Recall the fundamental premise of those groups waging war against science, namely that God is utterly beyond from the realm of the natural universe and natural law. This approach, in effect, forces religion into the holes of present-day scientific ignorance – a “God of the gaps” theology – which is hardly a viable philosophy as science continues to advance. In contrast, the LDS notion of a God who works within the bounds of eternal law completely removes any need for a war between science and religion. It is a pity that more LDS people aren’t aware of the advantages of this fundamental worldview.

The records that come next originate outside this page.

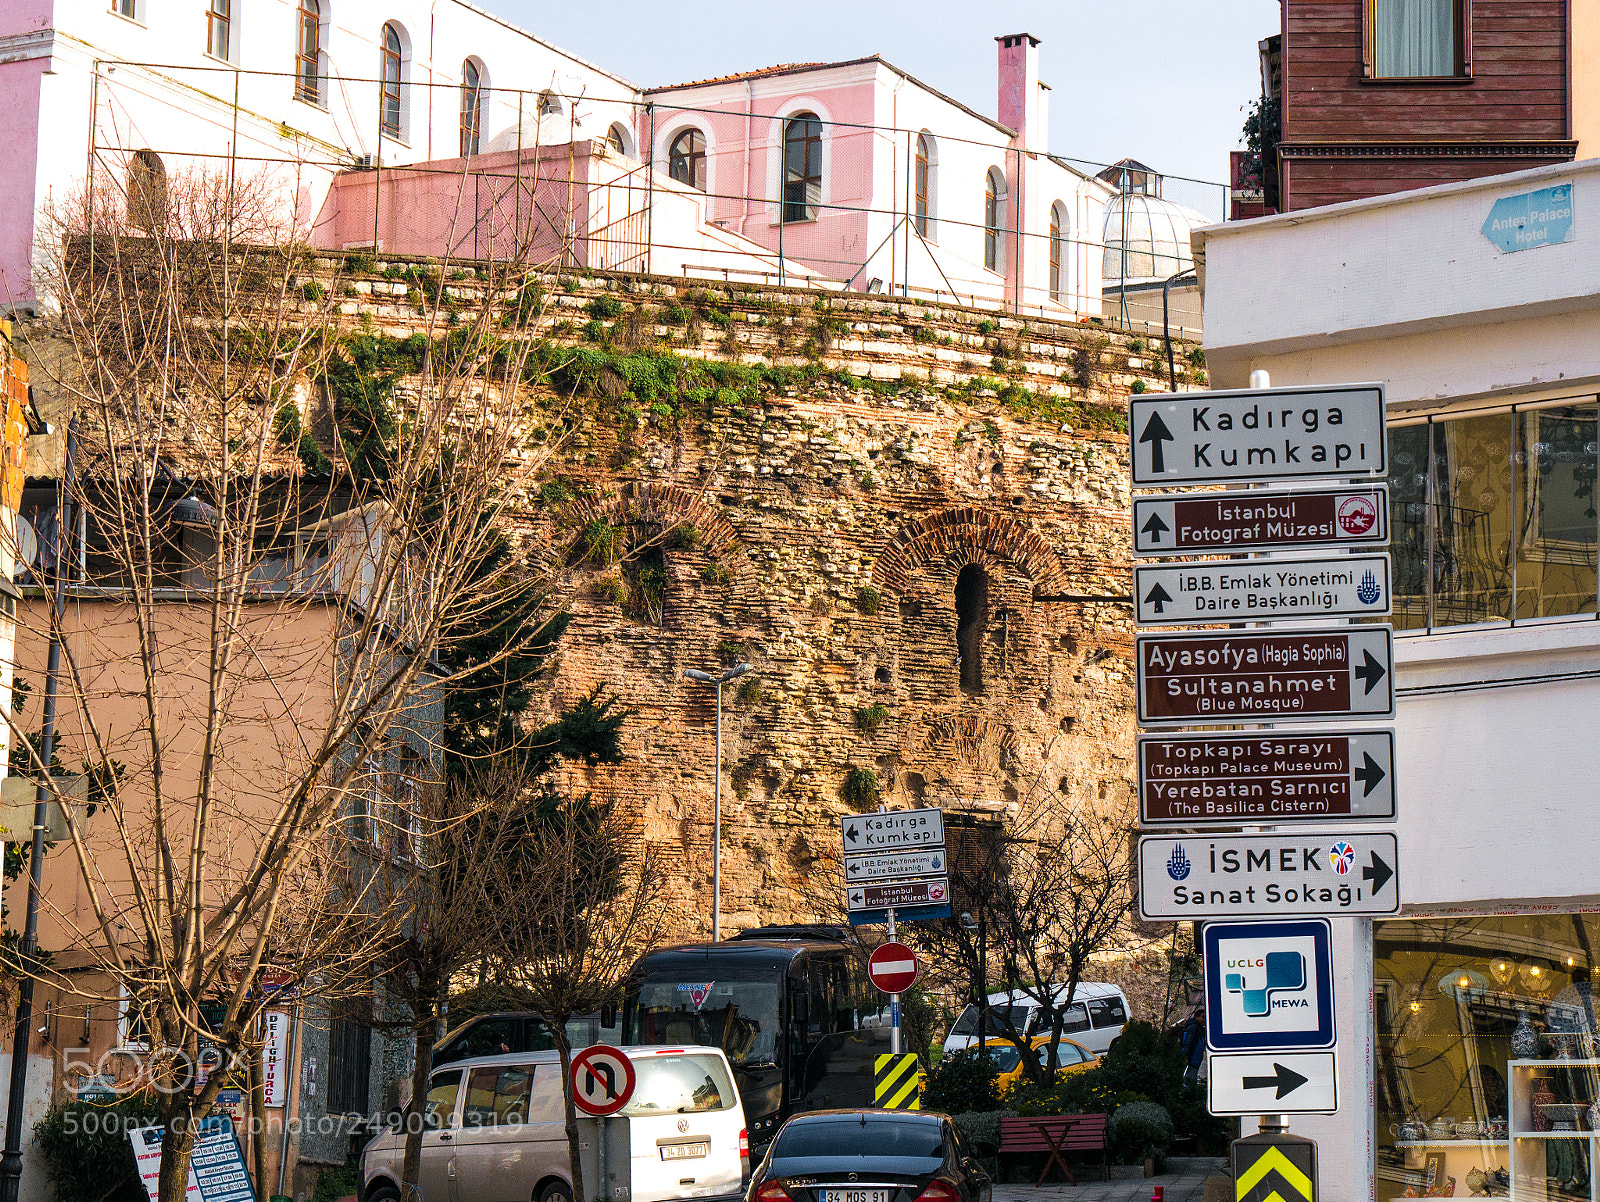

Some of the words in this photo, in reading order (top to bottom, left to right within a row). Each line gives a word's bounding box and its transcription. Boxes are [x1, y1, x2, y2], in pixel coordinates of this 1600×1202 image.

[1491, 216, 1527, 231] Antea
[1530, 208, 1571, 224] Palace
[1516, 227, 1547, 244] Hotel
[1192, 404, 1344, 433] Kadırga
[1194, 439, 1366, 468] Kumkapı
[1217, 501, 1296, 521] İstanbul
[1181, 523, 1260, 543] Fotograf
[1267, 520, 1334, 538] Müzesi
[1179, 573, 1215, 592] İ.B.B.
[1220, 573, 1271, 590] Emlak
[1276, 570, 1353, 587] Yönetimi
[1195, 595, 1241, 611] Daire
[1247, 591, 1339, 609] Başkanlığı
[1149, 641, 1258, 672] Ayasofya
[1262, 642, 1299, 664] (Hagia
[1302, 640, 1346, 666] Sophia)
[1167, 675, 1337, 697] Sultanahmet
[1196, 696, 1236, 712] (Blue
[1241, 694, 1305, 711] Mosque)
[1161, 743, 1252, 761] Topkapı
[1260, 740, 1332, 759] Sarayı
[1151, 763, 1215, 777] (Topkapı
[1220, 760, 1271, 774] Palace
[1273, 758, 1343, 773] Museum)
[1153, 781, 1263, 799] Yerebatan
[1270, 779, 1346, 797] Sarnıcı
[1168, 801, 1201, 816] (The
[1206, 799, 1265, 814] Basilica
[1270, 798, 1329, 812] Cistern)
[865, 815, 927, 830] Kadırga
[866, 830, 936, 845] Kumkapı
[1209, 843, 1323, 873] İSMEK
[1174, 884, 1256, 906] Sanat
[1266, 883, 1360, 907] Sokağı
[1227, 958, 1264, 969] UCLG
[1272, 997, 1308, 1008] MEWA
[827, 1192, 841, 1202] 34
[846, 1192, 867, 1202] MOS
[872, 1192, 885, 1202] 91

Two topics that always come up in these discussions are the age of the earth and evolution. Some LDS leaders have questioned these scientific theories, but others have been quite accepting. Elder B. H. Roberts had this to say:

“On the other hand, to limit and insist upon the whole of life and death to this side of Adam’s advent to the earth, some six or eight thousand years ago, as proposed by some, is to fly in the face of the facts so indisputably brought to light by the researcher of science in modern times. … To pay attention to and give reasonable credence to their research and findings is to link the church of God with the highest increase of human thought and effort. On that side lies development, on the other lies contraction. It is on the former side that research work is going on and will continue to go on, future investigation and discoveries will continue on that side, nothing will retard them, and nothing will develop on the other side. One leads to narrow sectarianism, the other keeps the open spirit of a world movement with which our New Dispensation began. As between them which is to be our choice? [Roberts1931, pg. 364].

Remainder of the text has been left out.